◆ Task prompt
After finding the line with "this 2048×1023 image." in the data below, set down exactly each line through the one with "this 1280×960 image.", inclusive, and stop there.

** Opening Data in this exercise block **

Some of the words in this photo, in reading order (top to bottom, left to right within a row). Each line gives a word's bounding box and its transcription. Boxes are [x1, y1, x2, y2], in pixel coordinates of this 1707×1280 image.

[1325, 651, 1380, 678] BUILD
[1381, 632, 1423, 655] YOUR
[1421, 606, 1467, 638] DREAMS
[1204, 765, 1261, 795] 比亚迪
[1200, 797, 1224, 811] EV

** Closing Data in this exercise block **
** Opening Data in this exercise block **

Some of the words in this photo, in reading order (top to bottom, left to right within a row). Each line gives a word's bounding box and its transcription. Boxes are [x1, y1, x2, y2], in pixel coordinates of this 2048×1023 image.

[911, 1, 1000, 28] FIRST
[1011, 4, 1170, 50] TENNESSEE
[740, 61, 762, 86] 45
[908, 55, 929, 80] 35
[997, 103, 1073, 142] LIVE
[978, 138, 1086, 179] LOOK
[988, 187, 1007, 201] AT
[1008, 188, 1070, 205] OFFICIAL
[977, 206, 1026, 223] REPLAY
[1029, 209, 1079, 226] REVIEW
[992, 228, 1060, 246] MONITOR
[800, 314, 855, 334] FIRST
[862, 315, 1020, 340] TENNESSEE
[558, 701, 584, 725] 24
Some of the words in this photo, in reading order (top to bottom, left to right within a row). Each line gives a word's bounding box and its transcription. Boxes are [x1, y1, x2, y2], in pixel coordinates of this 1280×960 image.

** Closing Data in this exercise block **

◆ Solution for this problem
Some of the words in this photo, in reading order (top to bottom, left to right within a row). Each line gives a word's bounding box and its transcription. Boxes are [x1, y1, x2, y2], in pixel coordinates of this 2048×1023 image.

[911, 1, 1000, 28] FIRST
[1011, 4, 1170, 50] TENNESSEE
[740, 61, 762, 86] 45
[908, 55, 929, 80] 35
[997, 103, 1073, 142] LIVE
[978, 138, 1086, 179] LOOK
[988, 187, 1007, 201] AT
[1008, 188, 1070, 205] OFFICIAL
[977, 206, 1026, 223] REPLAY
[1029, 209, 1079, 226] REVIEW
[992, 228, 1060, 246] MONITOR
[800, 314, 855, 334] FIRST
[862, 315, 1020, 340] TENNESSEE
[558, 701, 584, 725] 24
Some of the words in this photo, in reading order (top to bottom, left to right within a row). Each line gives a word's bounding box and its transcription. Boxes are [x1, y1, x2, y2], in pixel coordinates of this 1280×960 image.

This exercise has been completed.